Издалека сквозь ливень доносится хрусткий взрыв очередной германской ракеты. Третья за сегодня. Охотятся в небесах, как Водан и его чокнутое воинство.
А Пиратовы роботоруки уже обследуют папки и ящики на предмет потребных расписок и бланков. Поспать нынче не светит. Пожалуй, сигарету или глотнуть чего по пути — и то без шансов. На хера?
□□□□□□□
В Германии с приближеньем финала вот чем исписаны бесконечные стены: «WAS TUST DU FÜR DIE FRONT, FÜR DEN SIEG? WAS HAST DU HEUTE FÜR DEUTSCHLAND GETAN?»[21]. В «Белом явлении» стены исписаны льдом. Ледяные граффити в бессолнечный день заволакивают темнеющий кровавый кирпич и терракоту, будто здание — архитектурный документ, старомодный прибор, чье назначение позабыто, — надлежит оберегать от непогоды в некоей шкуре прозрачного музейного полиэтилена. Лед разновеликой толщины, волнистый, помутнелый — легенда, которую расшифруют повелители зимы, краевые ледоведы, а затем станут спорить о ней в своих журналах. Выше по склону, к морю ближе, подобно свету, снег копится на всякой наветренной грани древнего Аббатства — крыша давным-давно снесена по маниакальному капризу Генриха VIII, а стены остались, безбожными оконными дырами умеряют соленый ветер, пока сезоны крупными мазками перекрашивают травянистый ковер в зеленый, в выцветший, потом в снежный. Из палладианского здания в насупленной сумеречной низине это единственный вид — на Аббатство или же на мягкие, обширные и крапчатые перекаты нагорья.
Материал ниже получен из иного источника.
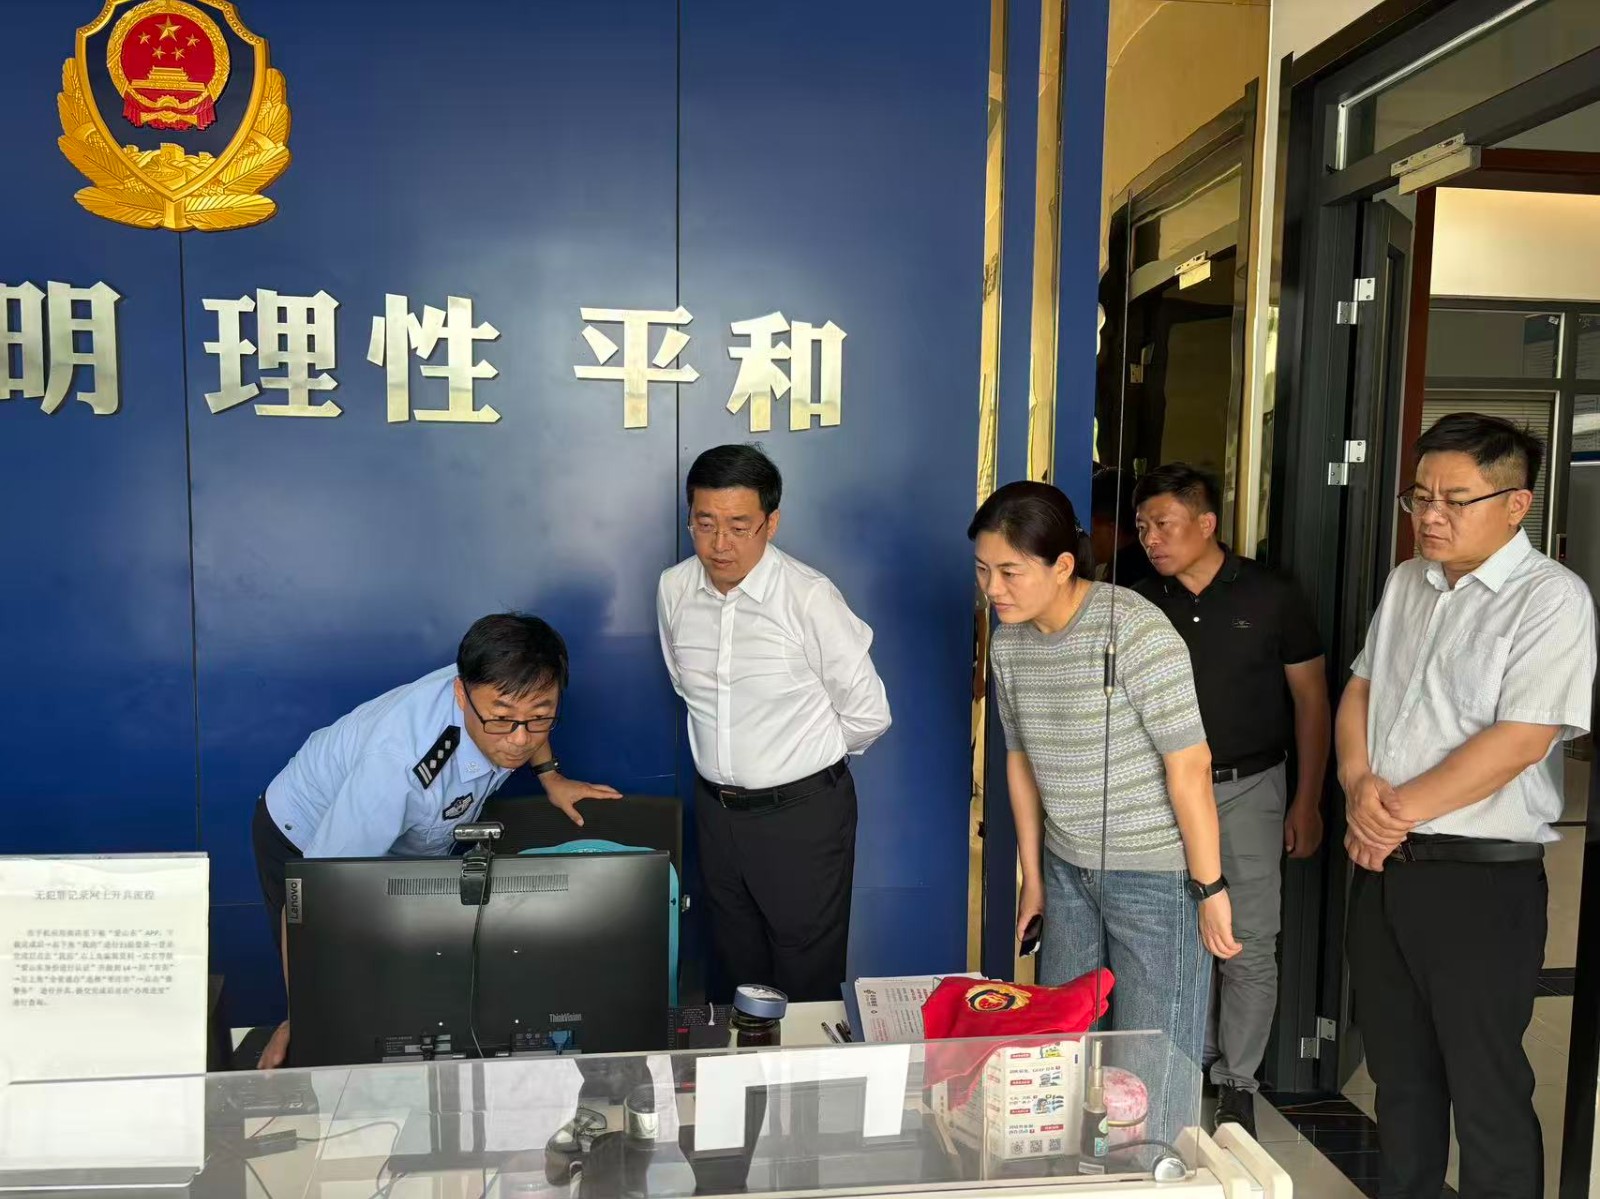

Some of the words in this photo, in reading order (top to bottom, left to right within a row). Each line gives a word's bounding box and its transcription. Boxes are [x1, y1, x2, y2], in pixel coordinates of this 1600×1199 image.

[0, 280, 121, 415] 明
[202, 288, 502, 425] 理性
[573, 304, 848, 432] 平和
[289, 881, 299, 920] Lenovo
[549, 1012, 582, 1023] ThinkVision
Вид на море отсюда заказан, хотя в определенные дни и приливы чуешь это море, чуешь всех своих подлых прародителей. В 1925-м бежал Редж Ле Фройд, пациент «Белого явления» — промчался по центру города и воздвигся, покачиваясь, на утесе, волосы и больничная одежа трепещут на ветру, слева и справа в рассольной дымке тускнеют, колеблясь, мили южного побережья, белесого мела, пристаней и променадов. За ним во главе толпы зевак прибежал констебль Дуббз.
— Не прыгай! — кричит констебль.
— Я и не думал. — Ле Фройд по-прежнему смотрит в море.